Epidural steroid injection (ESI) is another nonsurgical treatment option. In this study, surgeons looked at the size of the spinal canal. They wanted to know if ESI would be successful more often if there was a larger opening around the spinal cord and spinal nerves.

Eighty-four (84) patients with lumbar spinal stenosis were included. CT scans were taken and measurements made of the spinal canal and nerve openings. They all got an ESI once a week for three weeks. They also received NSAIDs and physical therapy. Everyone was followed for at least two years.
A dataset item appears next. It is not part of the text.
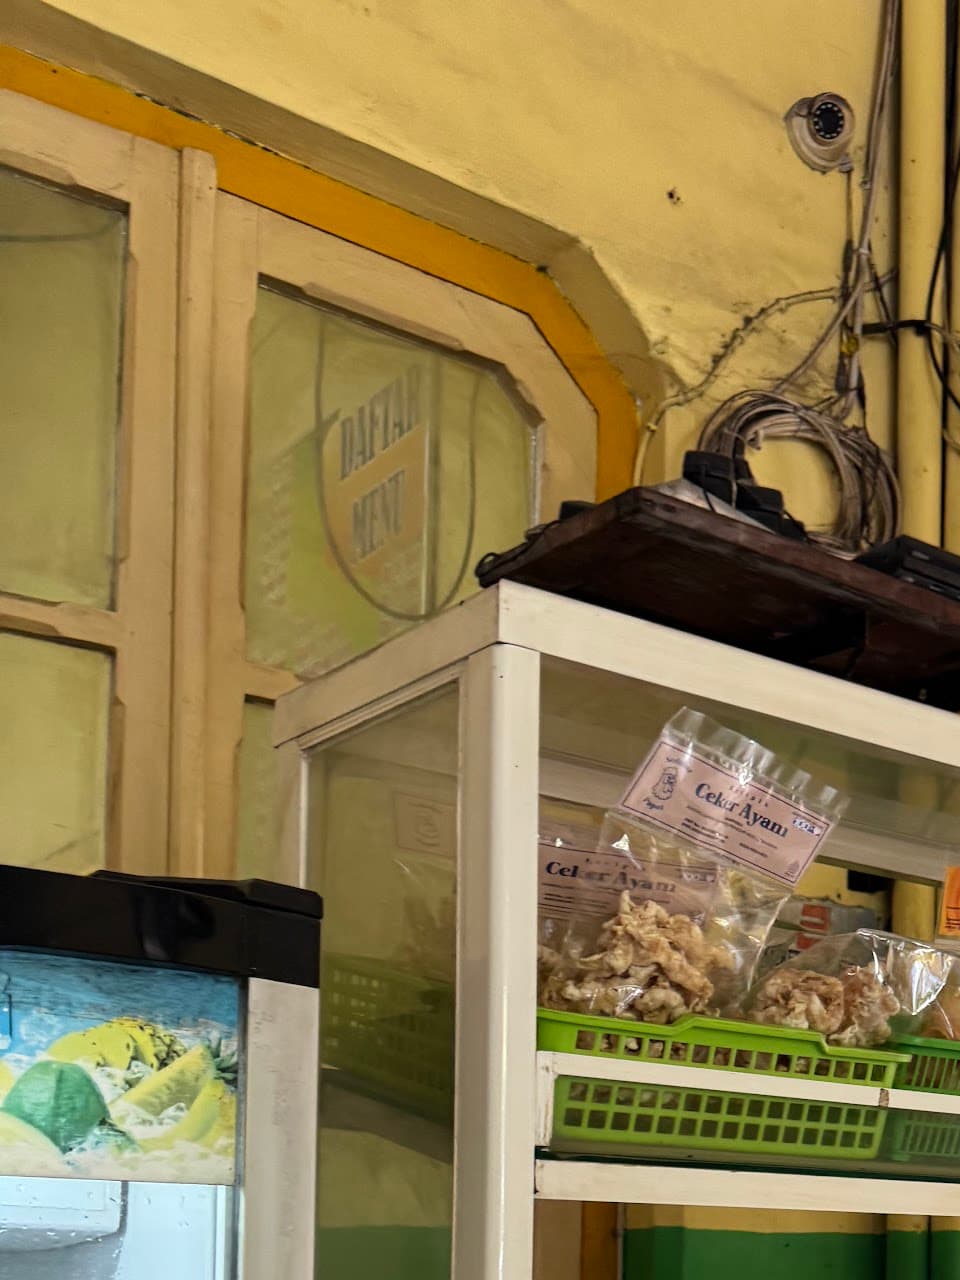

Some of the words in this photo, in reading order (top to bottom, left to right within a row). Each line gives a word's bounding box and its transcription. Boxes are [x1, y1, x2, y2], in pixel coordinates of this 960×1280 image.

The authors were surprised that canal dimensions did not predict patient response. Fifty (50) patients were no better and had to have surgery. Thirty-four (34) improved after ESI. Patients with large and small diameter canal openings were just as likely to be in one group as the other. The size of the spinal canal opening didn't seem to make a difference.

Based on the results of this study, CT scans of spinal canal dimensions are not useful in predicting results of treatment with ESI.

Reference: 

Mitchell J. Campbell, MD, et al. Correlation of Spinal Canal Dimensions to Efficacy of Epidural Steroid Injection in Spinal Stenosis. In Journal of Spinal Disorders & Techniques. April 2007. Vol. 20. No. 2. Pp. 168-171.